WHAT THE TASK ASKS: Exact copy without images: repeat every entry as written.

Images for object localization:

= = =

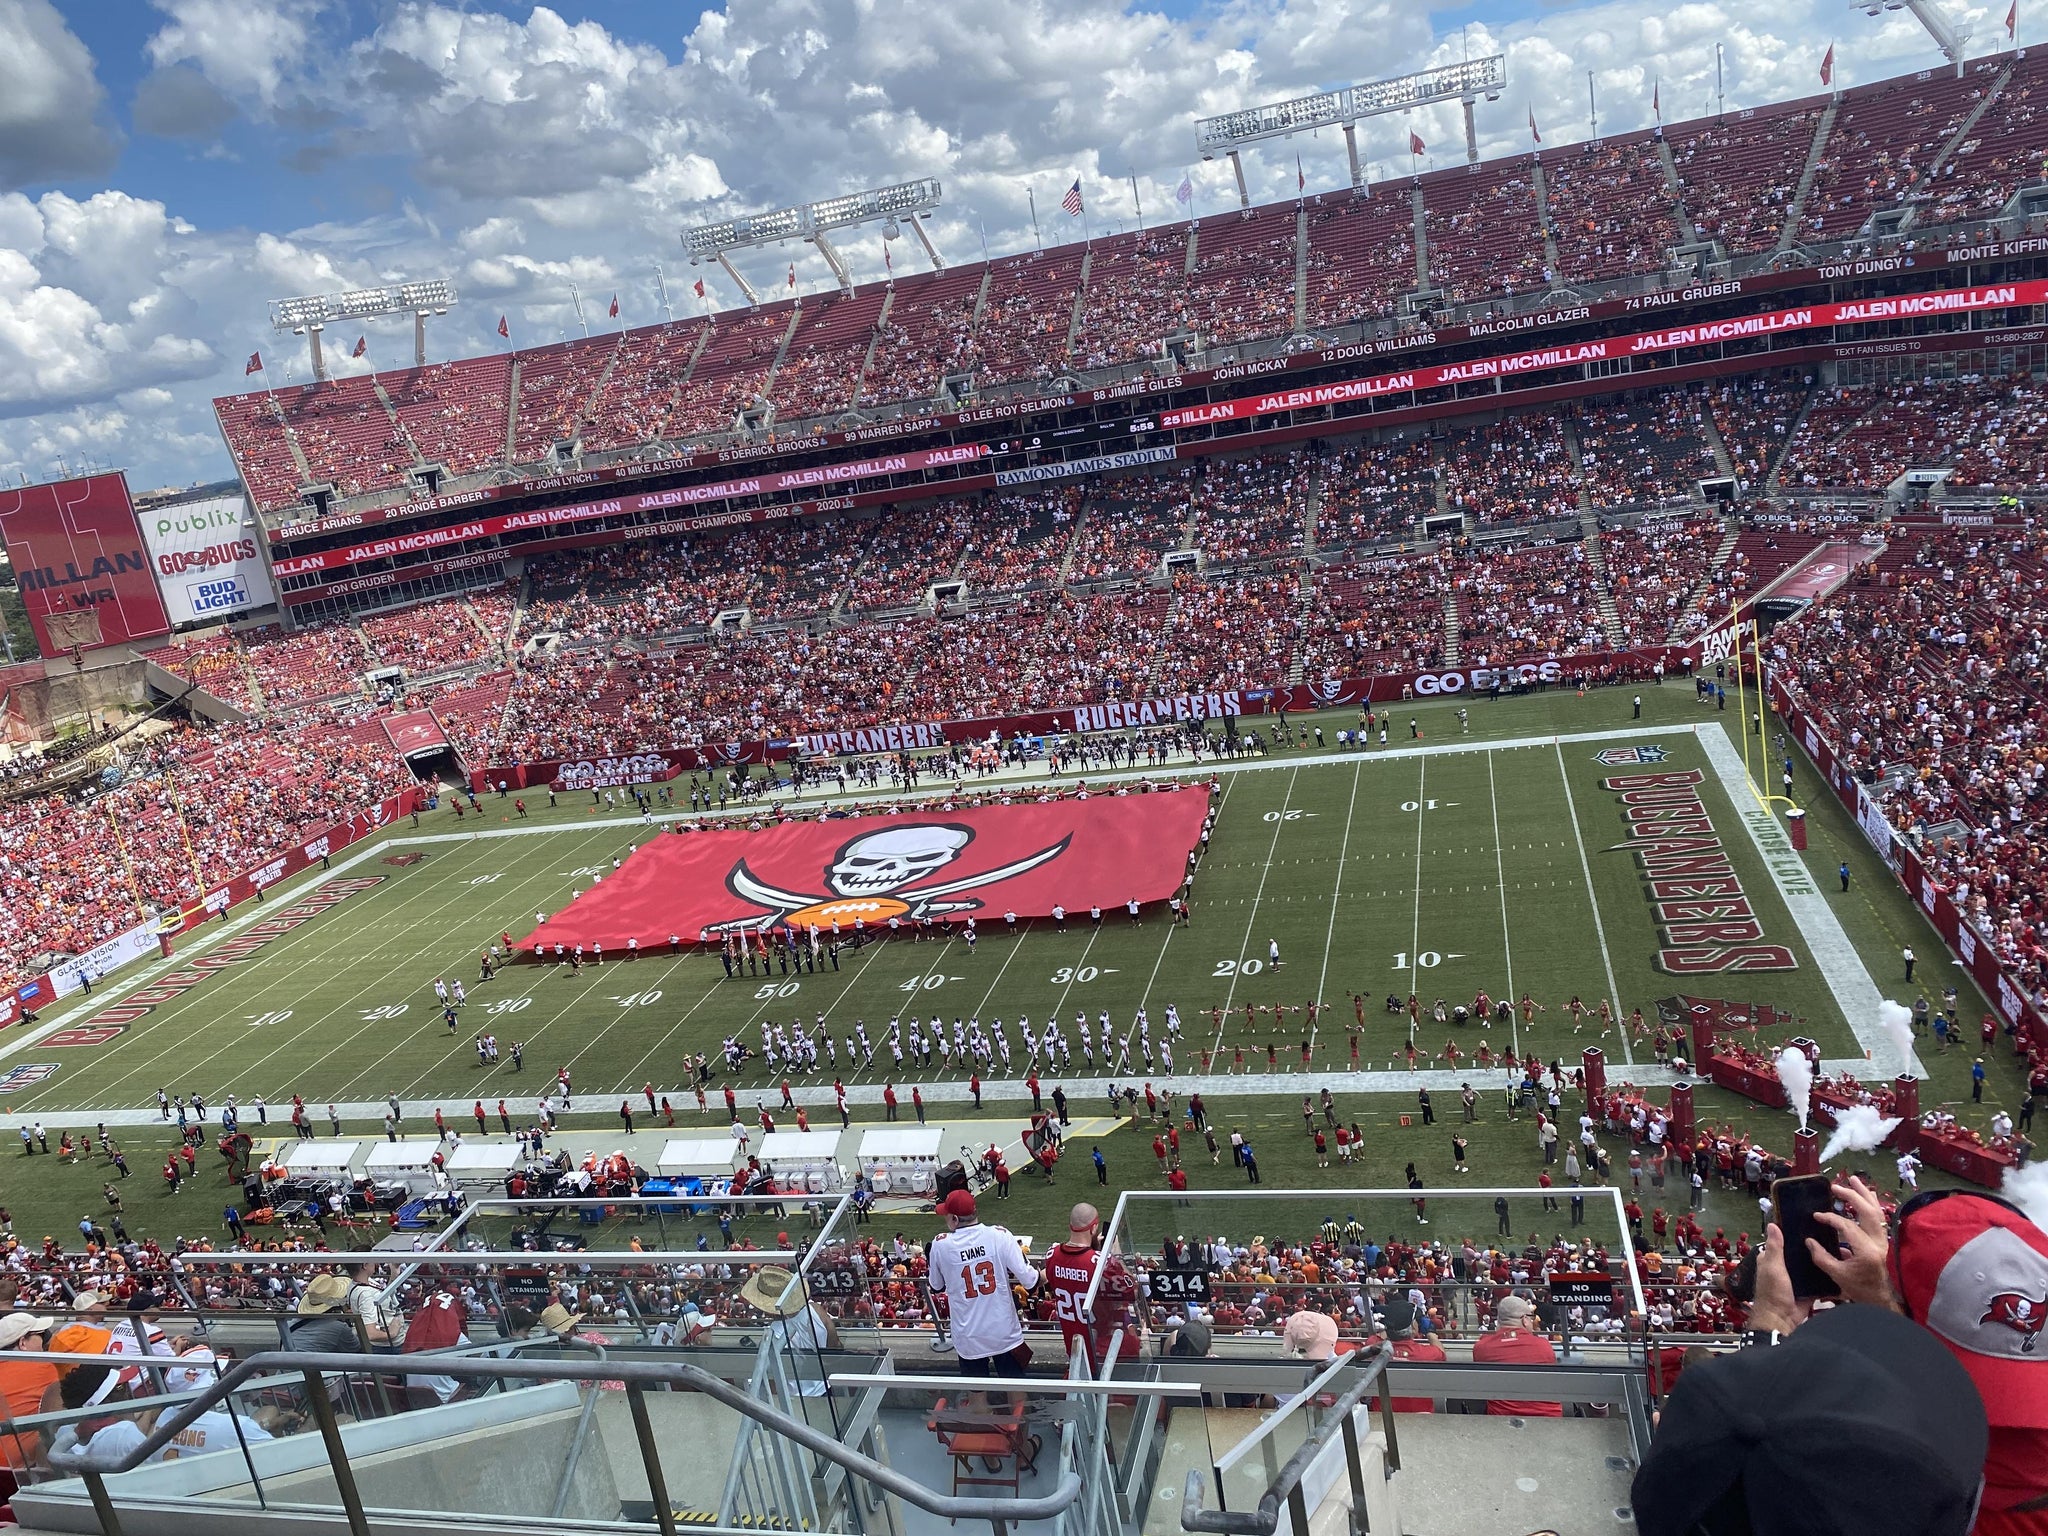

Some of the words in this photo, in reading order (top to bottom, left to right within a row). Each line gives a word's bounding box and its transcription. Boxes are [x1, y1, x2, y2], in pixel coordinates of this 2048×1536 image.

[1947, 244, 2000, 263] MONTE
[1818, 264, 1853, 279] TONY
[1855, 257, 1903, 275] DUNGY
[1624, 299, 1640, 311] 74
[1643, 291, 1679, 307] PAUL
[1682, 281, 1742, 300] GRUBER
[1834, 300, 1897, 321] JALEN
[1900, 288, 2016, 314] MCMILLAN
[1469, 316, 1535, 337] MALCOLM
[1537, 307, 1590, 326] GLAZER
[1631, 329, 1696, 351] JALEN
[1699, 310, 1812, 340] MCMILLAN
[1320, 350, 1334, 362] 12
[1337, 344, 1373, 360] DOUG
[1376, 332, 1436, 352] WILLIAMS
[1835, 346, 1855, 356] TEXT
[1857, 345, 1874, 354] FAN
[1875, 342, 1906, 353] ISSUES
[1909, 341, 1921, 350] TO
[1984, 331, 2045, 344] 813-680-2827
[1213, 366, 1245, 381] JOHN
[1247, 357, 1288, 374] MCKAY
[1437, 361, 1498, 382] JALEN
[1501, 344, 1606, 371] MCMILLAN
[1093, 389, 1106, 401] 88
[1108, 383, 1146, 399] JIMMIE
[1149, 376, 1183, 391] GILES
[1256, 391, 1312, 411] JALEN
[1315, 375, 1414, 402] MCMILLAN
[958, 413, 971, 424] 63
[973, 409, 993, 421] LEE
[996, 404, 1018, 417] ROY
[1020, 396, 1066, 413] SELMON
[845, 431, 856, 442] 99
[858, 424, 903, 440] WARREN
[904, 419, 932, 432] SAPP
[1129, 422, 1155, 433] 5:58
[1163, 416, 1180, 427] 25
[718, 451, 730, 461] 55
[732, 446, 774, 460] DERRICK
[777, 438, 819, 453] BROOKS
[925, 446, 974, 465] JALEN
[615, 467, 626, 477] 40
[628, 463, 651, 476] MIKE
[652, 457, 693, 473] ALSTOTT
[777, 470, 824, 487] JALEN
[826, 457, 907, 480] MCMILLAN
[997, 464, 1067, 486] RAYMOND
[1066, 457, 1112, 476] JAMES
[1113, 445, 1176, 467] STADIUM
[524, 481, 534, 492] 47
[536, 477, 561, 490] JOHN
[562, 473, 592, 486] LYNCH
[638, 492, 682, 508] JALEN
[683, 479, 760, 500] MCMILLAN
[385, 508, 398, 519] 20
[439, 491, 483, 507] BARBER
[502, 513, 548, 530] JALEN
[549, 501, 622, 521] MCMILLAN
[764, 507, 789, 520] 2002
[816, 499, 841, 512] 2020
[281, 523, 319, 538] BRUCE
[322, 514, 362, 530] ARIANS
[624, 525, 658, 539] SUPER
[660, 520, 689, 535] BOWL
[691, 512, 753, 530] CHAMPIONS
[345, 543, 396, 562] JALEN
[399, 524, 484, 550] MCMILLAN
[1534, 538, 1556, 547] 1976
[158, 551, 188, 575] GO
[206, 539, 257, 566] BUCS
[433, 562, 444, 573] 97
[446, 555, 485, 570] SIMEON
[487, 549, 511, 562] RICE
[198, 580, 236, 598] BUD
[327, 583, 349, 596] JON
[350, 573, 395, 590] GRUDEN
[72, 589, 116, 607] WR
[194, 590, 245, 611] LIGHT
[1700, 619, 1755, 649] TAMPA
[1702, 642, 1733, 667] BAY
[1415, 673, 1464, 694] GO
[1073, 691, 1241, 732] BUCCANEERS
[566, 781, 591, 790] BUC
[593, 776, 624, 788] BEAT
[626, 774, 653, 784] LINE
[1605, 768, 1800, 974] BUCCANEERS
[1771, 857, 1814, 897] LOVE
[57, 956, 90, 977] GLAZER
[91, 940, 120, 959] VISION
[1211, 958, 1263, 977] 20
[1391, 951, 1442, 969] 10
[899, 974, 945, 992] 40
[1051, 966, 1099, 984] 30
[618, 990, 663, 1007] 40
[753, 982, 800, 999] 50
[361, 1004, 409, 1021] 20
[486, 997, 533, 1014] 30
[248, 1010, 293, 1026] 10
[960, 1246, 985, 1262] EVANS
[813, 1272, 855, 1288] 313
[961, 1261, 997, 1299] 13
[1055, 1266, 1088, 1282] BARBER
[1156, 1275, 1204, 1292] 314
[1572, 1284, 1590, 1292] NO
[1055, 1288, 1095, 1324] 20
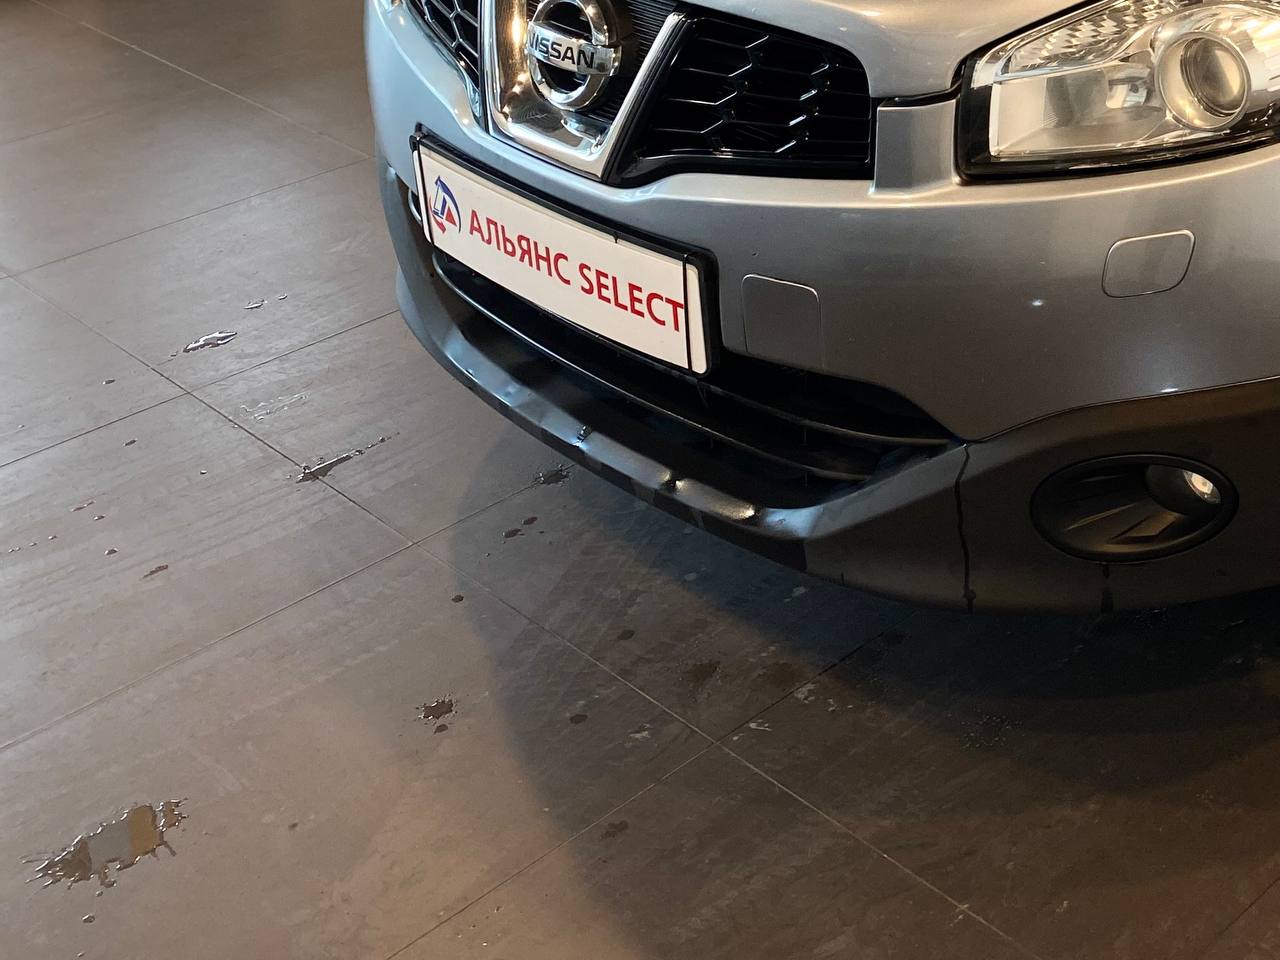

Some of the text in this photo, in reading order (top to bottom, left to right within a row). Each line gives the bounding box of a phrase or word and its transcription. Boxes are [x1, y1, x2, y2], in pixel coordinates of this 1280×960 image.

[528, 31, 595, 69] NISSAN
[469, 209, 685, 333] АЛЬЯНС SELECT

= = =

REPLY TO THE EXERCISE:
Some of the words in this photo, in reading order (top to bottom, left to right within a row). Each line gives a word's bounding box and its transcription. Boxes are [x1, y1, x2, y2], in pixel coordinates of this 2048×1536 image.

[1947, 244, 2000, 263] MONTE
[1818, 264, 1853, 279] TONY
[1855, 257, 1903, 275] DUNGY
[1624, 299, 1640, 311] 74
[1643, 291, 1679, 307] PAUL
[1682, 281, 1742, 300] GRUBER
[1834, 300, 1897, 321] JALEN
[1900, 288, 2016, 314] MCMILLAN
[1469, 316, 1535, 337] MALCOLM
[1537, 307, 1590, 326] GLAZER
[1631, 329, 1696, 351] JALEN
[1699, 310, 1812, 340] MCMILLAN
[1320, 350, 1334, 362] 12
[1337, 344, 1373, 360] DOUG
[1376, 332, 1436, 352] WILLIAMS
[1835, 346, 1855, 356] TEXT
[1857, 345, 1874, 354] FAN
[1875, 342, 1906, 353] ISSUES
[1909, 341, 1921, 350] TO
[1984, 331, 2045, 344] 813-680-2827
[1213, 366, 1245, 381] JOHN
[1247, 357, 1288, 374] MCKAY
[1437, 361, 1498, 382] JALEN
[1501, 344, 1606, 371] MCMILLAN
[1093, 389, 1106, 401] 88
[1108, 383, 1146, 399] JIMMIE
[1149, 376, 1183, 391] GILES
[1256, 391, 1312, 411] JALEN
[1315, 375, 1414, 402] MCMILLAN
[958, 413, 971, 424] 63
[973, 409, 993, 421] LEE
[996, 404, 1018, 417] ROY
[1020, 396, 1066, 413] SELMON
[845, 431, 856, 442] 99
[858, 424, 903, 440] WARREN
[904, 419, 932, 432] SAPP
[1129, 422, 1155, 433] 5:58
[1163, 416, 1180, 427] 25
[718, 451, 730, 461] 55
[732, 446, 774, 460] DERRICK
[777, 438, 819, 453] BROOKS
[925, 446, 974, 465] JALEN
[615, 467, 626, 477] 40
[628, 463, 651, 476] MIKE
[652, 457, 693, 473] ALSTOTT
[777, 470, 824, 487] JALEN
[826, 457, 907, 480] MCMILLAN
[997, 464, 1067, 486] RAYMOND
[1066, 457, 1112, 476] JAMES
[1113, 445, 1176, 467] STADIUM
[524, 481, 534, 492] 47
[536, 477, 561, 490] JOHN
[562, 473, 592, 486] LYNCH
[638, 492, 682, 508] JALEN
[683, 479, 760, 500] MCMILLAN
[385, 508, 398, 519] 20
[439, 491, 483, 507] BARBER
[502, 513, 548, 530] JALEN
[549, 501, 622, 521] MCMILLAN
[764, 507, 789, 520] 2002
[816, 499, 841, 512] 2020
[281, 523, 319, 538] BRUCE
[322, 514, 362, 530] ARIANS
[624, 525, 658, 539] SUPER
[660, 520, 689, 535] BOWL
[691, 512, 753, 530] CHAMPIONS
[345, 543, 396, 562] JALEN
[399, 524, 484, 550] MCMILLAN
[1534, 538, 1556, 547] 1976
[158, 551, 188, 575] GO
[206, 539, 257, 566] BUCS
[433, 562, 444, 573] 97
[446, 555, 485, 570] SIMEON
[487, 549, 511, 562] RICE
[198, 580, 236, 598] BUD
[327, 583, 349, 596] JON
[350, 573, 395, 590] GRUDEN
[72, 589, 116, 607] WR
[194, 590, 245, 611] LIGHT
[1700, 619, 1755, 649] TAMPA
[1702, 642, 1733, 667] BAY
[1415, 673, 1464, 694] GO
[1073, 691, 1241, 732] BUCCANEERS
[566, 781, 591, 790] BUC
[593, 776, 624, 788] BEAT
[626, 774, 653, 784] LINE
[1605, 768, 1800, 974] BUCCANEERS
[1771, 857, 1814, 897] LOVE
[57, 956, 90, 977] GLAZER
[91, 940, 120, 959] VISION
[1211, 958, 1263, 977] 20
[1391, 951, 1442, 969] 10
[899, 974, 945, 992] 40
[1051, 966, 1099, 984] 30
[618, 990, 663, 1007] 40
[753, 982, 800, 999] 50
[361, 1004, 409, 1021] 20
[486, 997, 533, 1014] 30
[248, 1010, 293, 1026] 10
[960, 1246, 985, 1262] EVANS
[813, 1272, 855, 1288] 313
[961, 1261, 997, 1299] 13
[1055, 1266, 1088, 1282] BARBER
[1156, 1275, 1204, 1292] 314
[1572, 1284, 1590, 1292] NO
[1055, 1288, 1095, 1324] 20

Some of the text in this photo, in reading order (top to bottom, left to right within a row). Each line gives the bounding box of a phrase or word and its transcription. Boxes are [x1, y1, x2, y2], in pixel coordinates of this 1280×960 image.

[528, 31, 595, 69] NISSAN
[469, 209, 685, 333] АЛЬЯНС SELECT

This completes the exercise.